**** DATASET RECORDS

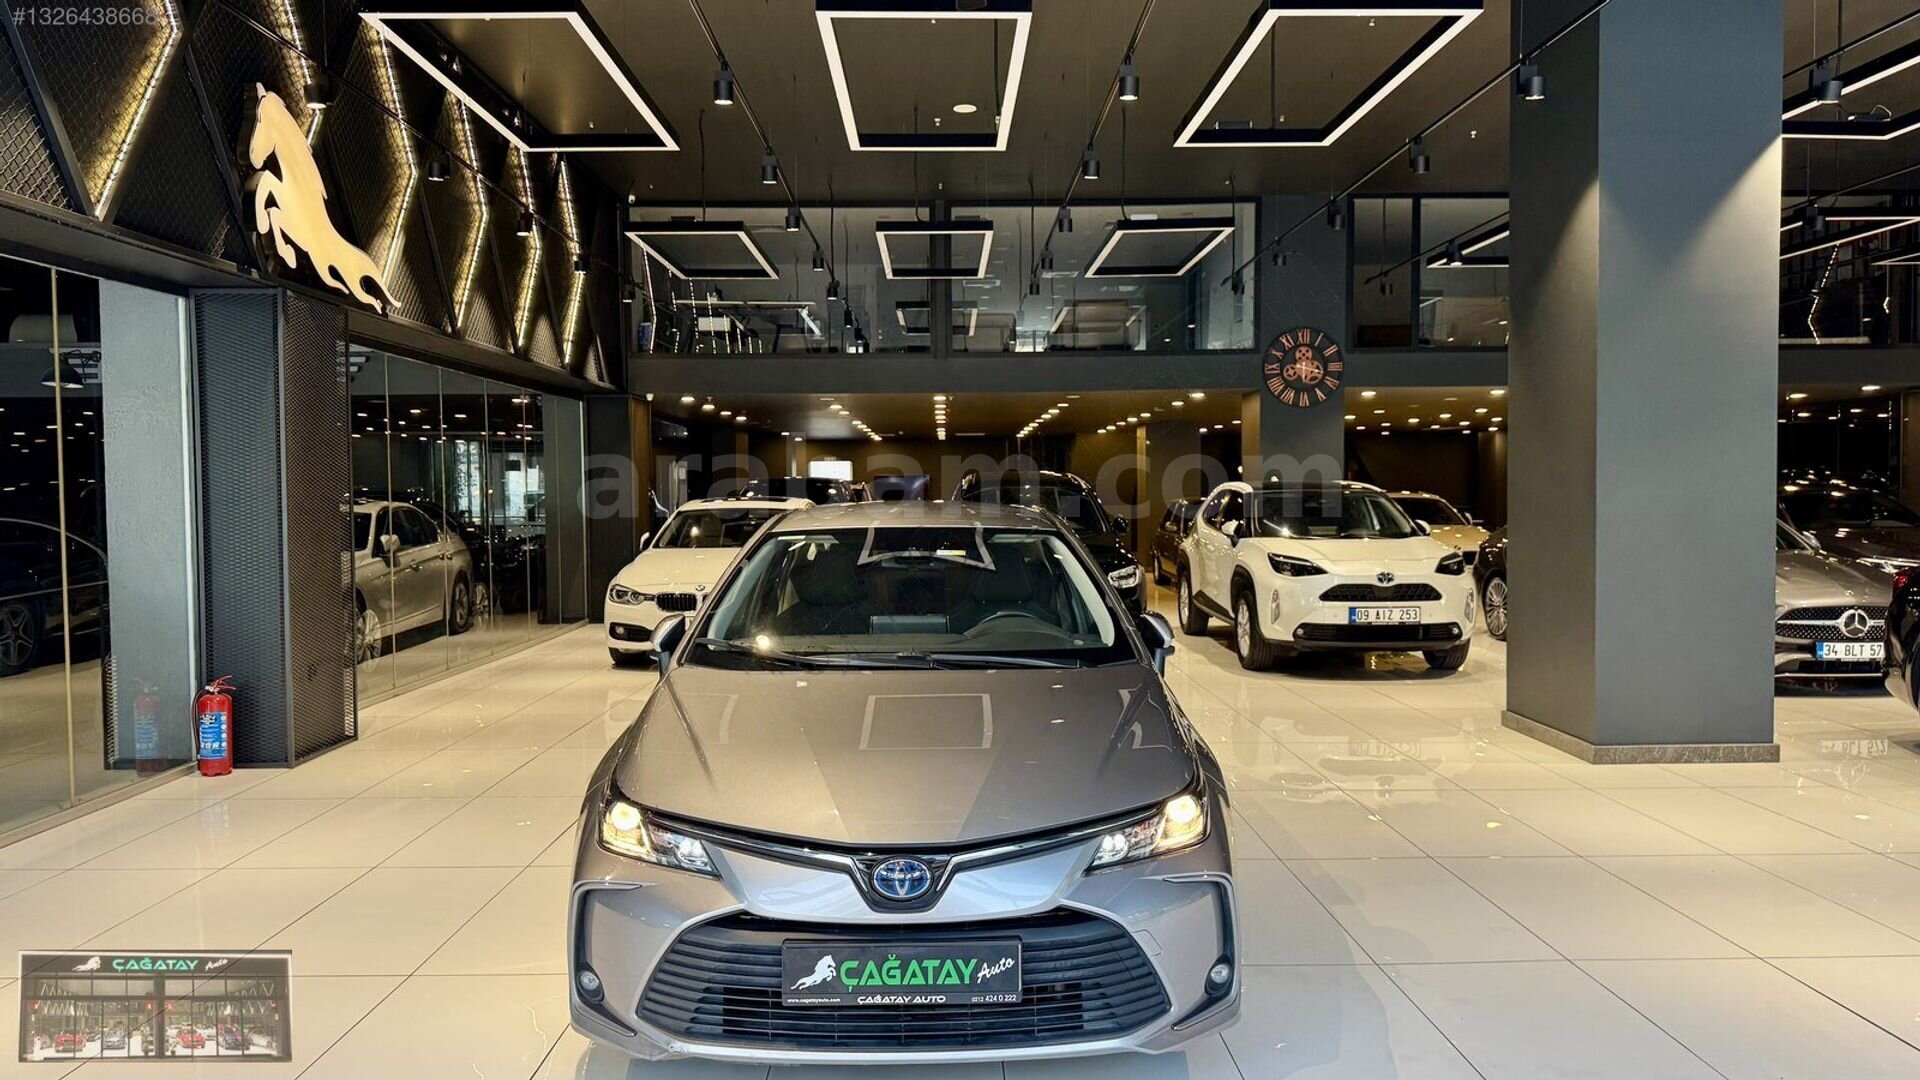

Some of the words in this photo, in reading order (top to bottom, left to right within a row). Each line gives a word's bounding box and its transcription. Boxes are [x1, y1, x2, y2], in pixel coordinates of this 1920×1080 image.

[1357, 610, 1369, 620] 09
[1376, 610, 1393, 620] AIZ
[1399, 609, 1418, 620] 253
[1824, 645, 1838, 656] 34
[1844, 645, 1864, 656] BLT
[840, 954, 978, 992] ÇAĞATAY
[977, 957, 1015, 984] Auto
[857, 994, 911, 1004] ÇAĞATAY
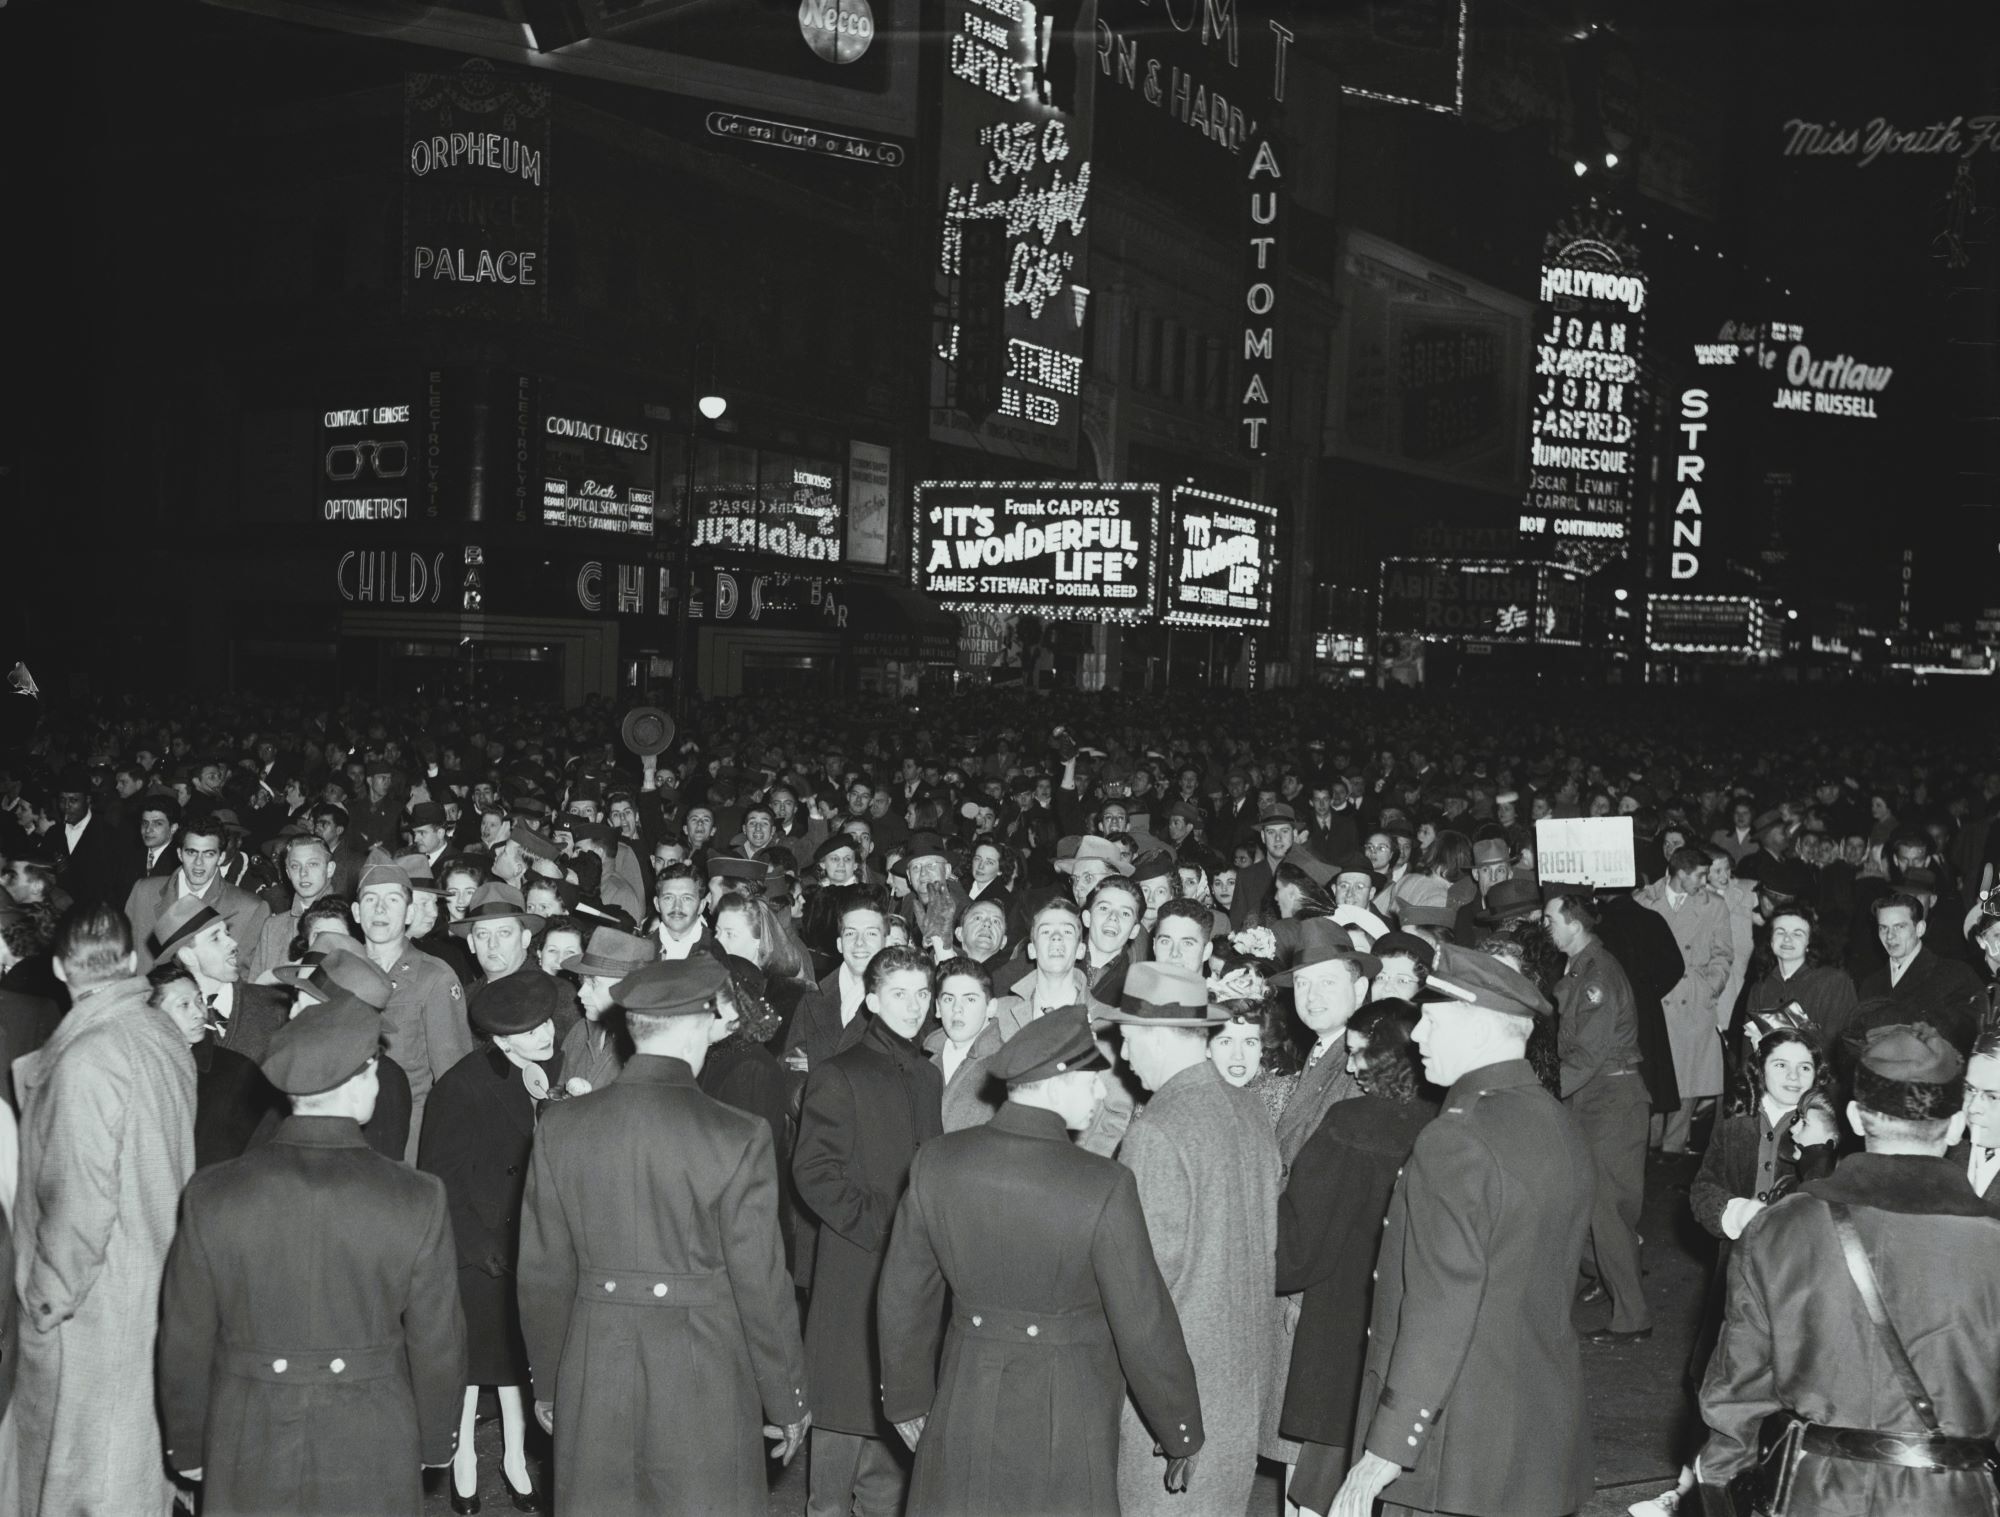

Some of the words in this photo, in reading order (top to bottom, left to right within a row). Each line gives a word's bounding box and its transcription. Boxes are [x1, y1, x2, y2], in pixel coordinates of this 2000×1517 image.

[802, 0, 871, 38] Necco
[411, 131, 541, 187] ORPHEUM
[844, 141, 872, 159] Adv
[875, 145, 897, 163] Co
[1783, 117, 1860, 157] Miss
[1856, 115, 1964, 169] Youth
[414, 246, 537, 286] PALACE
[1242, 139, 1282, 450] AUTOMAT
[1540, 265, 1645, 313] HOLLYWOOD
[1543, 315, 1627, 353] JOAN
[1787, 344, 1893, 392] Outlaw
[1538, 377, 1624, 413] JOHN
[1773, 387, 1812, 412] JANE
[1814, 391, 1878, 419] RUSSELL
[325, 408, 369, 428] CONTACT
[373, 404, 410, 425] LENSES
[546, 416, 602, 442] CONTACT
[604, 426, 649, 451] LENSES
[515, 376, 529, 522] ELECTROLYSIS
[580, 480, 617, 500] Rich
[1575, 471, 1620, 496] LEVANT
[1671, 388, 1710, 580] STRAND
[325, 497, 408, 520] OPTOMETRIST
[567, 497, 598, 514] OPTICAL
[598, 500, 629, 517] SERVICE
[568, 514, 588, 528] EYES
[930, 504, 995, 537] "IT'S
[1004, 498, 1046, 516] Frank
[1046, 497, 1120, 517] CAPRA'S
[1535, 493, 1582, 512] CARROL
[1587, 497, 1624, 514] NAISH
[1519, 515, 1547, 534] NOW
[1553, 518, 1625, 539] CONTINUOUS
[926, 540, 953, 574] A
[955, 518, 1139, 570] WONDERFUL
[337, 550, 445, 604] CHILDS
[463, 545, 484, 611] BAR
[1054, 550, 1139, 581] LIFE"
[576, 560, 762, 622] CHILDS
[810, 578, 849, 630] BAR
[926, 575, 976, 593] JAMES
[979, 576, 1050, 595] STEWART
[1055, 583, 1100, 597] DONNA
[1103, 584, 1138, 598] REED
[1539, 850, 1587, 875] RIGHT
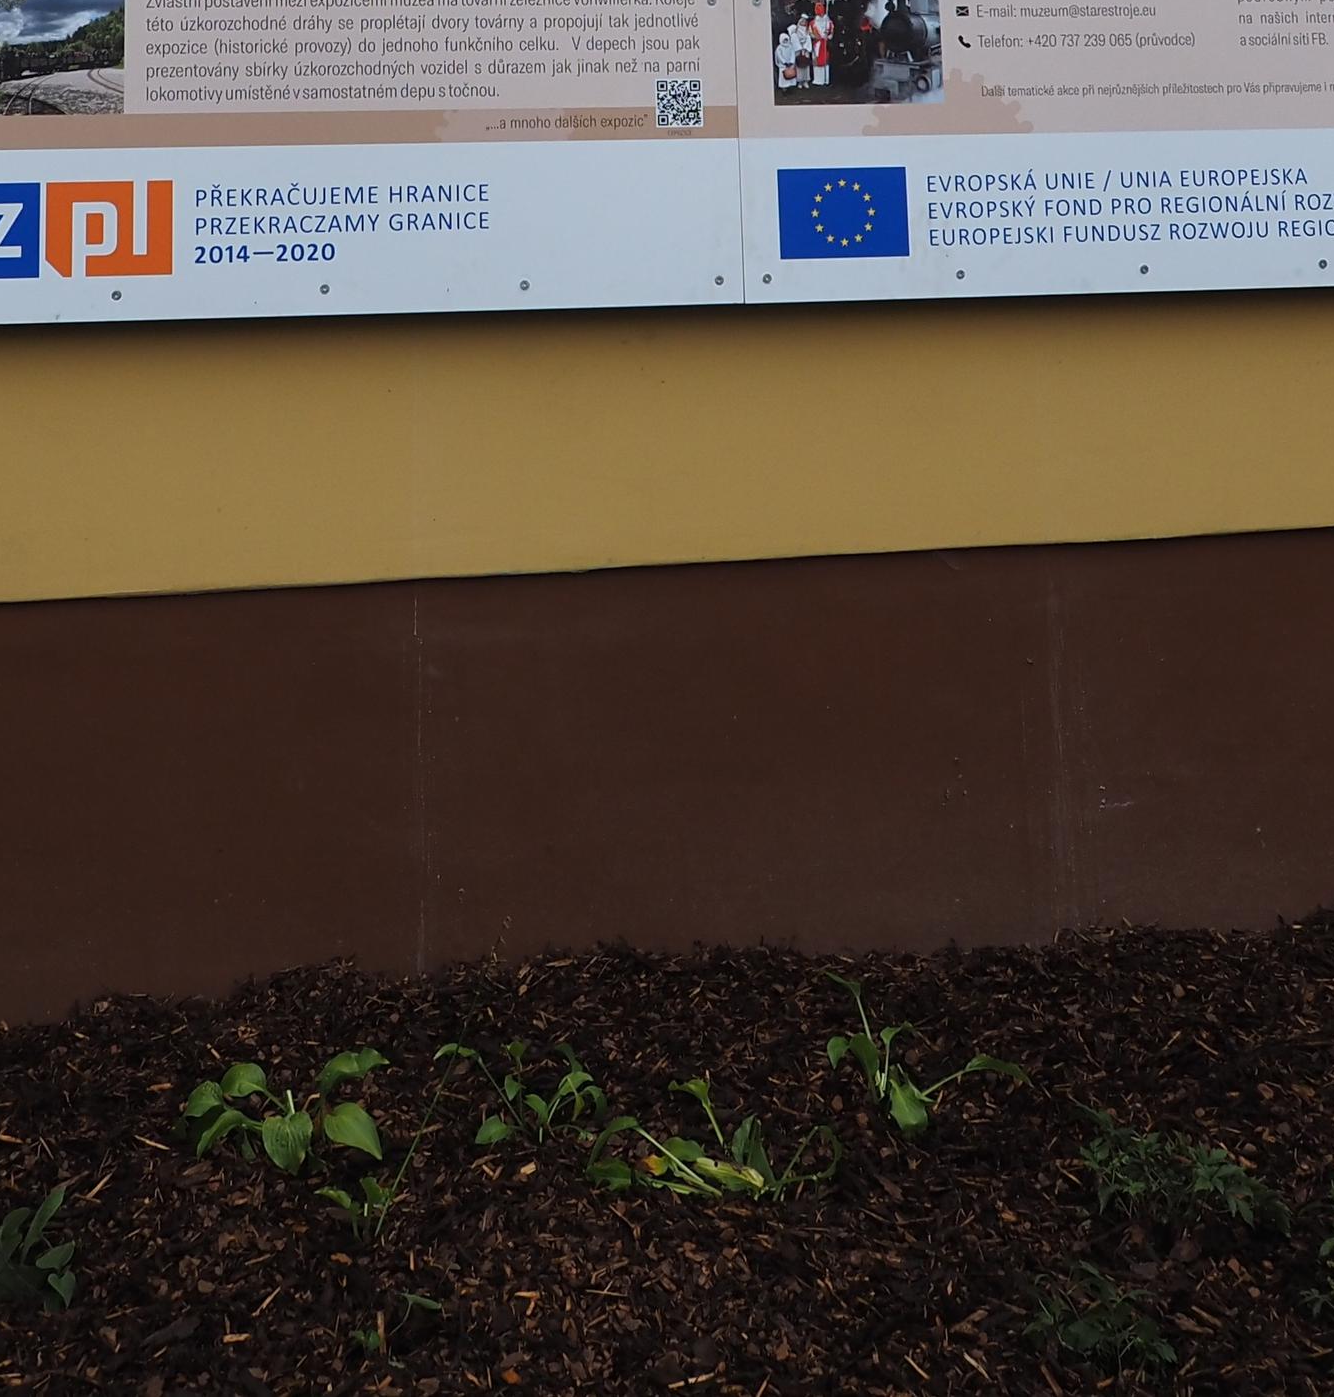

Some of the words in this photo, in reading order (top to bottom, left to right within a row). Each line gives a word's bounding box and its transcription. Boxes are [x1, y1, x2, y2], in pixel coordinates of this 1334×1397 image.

********

All of the records need to be restated word for word, but not the pictures.

RESPONSE —
Some of the words in this photo, in reading order (top to bottom, left to right within a row). Each line gives a word's bounding box and its transcription. Boxes are [x1, y1, x2, y2], in pixel coordinates of this 1920×1080 image.

[1357, 610, 1369, 620] 09
[1376, 610, 1393, 620] AIZ
[1399, 609, 1418, 620] 253
[1824, 645, 1838, 656] 34
[1844, 645, 1864, 656] BLT
[840, 954, 978, 992] ÇAĞATAY
[977, 957, 1015, 984] Auto
[857, 994, 911, 1004] ÇAĞATAY

Some of the words in this photo, in reading order (top to bottom, left to right within a row). Each line gives a word's bounding box and its transcription. Boxes are [x1, y1, x2, y2], in pixel coordinates of this 2000×1517 image.

[802, 0, 871, 38] Necco
[411, 131, 541, 187] ORPHEUM
[844, 141, 872, 159] Adv
[875, 145, 897, 163] Co
[1783, 117, 1860, 157] Miss
[1856, 115, 1964, 169] Youth
[414, 246, 537, 286] PALACE
[1242, 139, 1282, 450] AUTOMAT
[1540, 265, 1645, 313] HOLLYWOOD
[1543, 315, 1627, 353] JOAN
[1787, 344, 1893, 392] Outlaw
[1538, 377, 1624, 413] JOHN
[1773, 387, 1812, 412] JANE
[1814, 391, 1878, 419] RUSSELL
[325, 408, 369, 428] CONTACT
[373, 404, 410, 425] LENSES
[546, 416, 602, 442] CONTACT
[604, 426, 649, 451] LENSES
[515, 376, 529, 522] ELECTROLYSIS
[580, 480, 617, 500] Rich
[1575, 471, 1620, 496] LEVANT
[1671, 388, 1710, 580] STRAND
[325, 497, 408, 520] OPTOMETRIST
[567, 497, 598, 514] OPTICAL
[598, 500, 629, 517] SERVICE
[568, 514, 588, 528] EYES
[930, 504, 995, 537] "IT'S
[1004, 498, 1046, 516] Frank
[1046, 497, 1120, 517] CAPRA'S
[1535, 493, 1582, 512] CARROL
[1587, 497, 1624, 514] NAISH
[1519, 515, 1547, 534] NOW
[1553, 518, 1625, 539] CONTINUOUS
[926, 540, 953, 574] A
[955, 518, 1139, 570] WONDERFUL
[337, 550, 445, 604] CHILDS
[463, 545, 484, 611] BAR
[1054, 550, 1139, 581] LIFE"
[576, 560, 762, 622] CHILDS
[810, 578, 849, 630] BAR
[926, 575, 976, 593] JAMES
[979, 576, 1050, 595] STEWART
[1055, 583, 1100, 597] DONNA
[1103, 584, 1138, 598] REED
[1539, 850, 1587, 875] RIGHT

Some of the words in this photo, in reading order (top to bottom, left to right within a row). Each line gives a word's bounding box and its transcription. Boxes are [x1, y1, x2, y2], in pixel coordinates of this 1334×1397 image.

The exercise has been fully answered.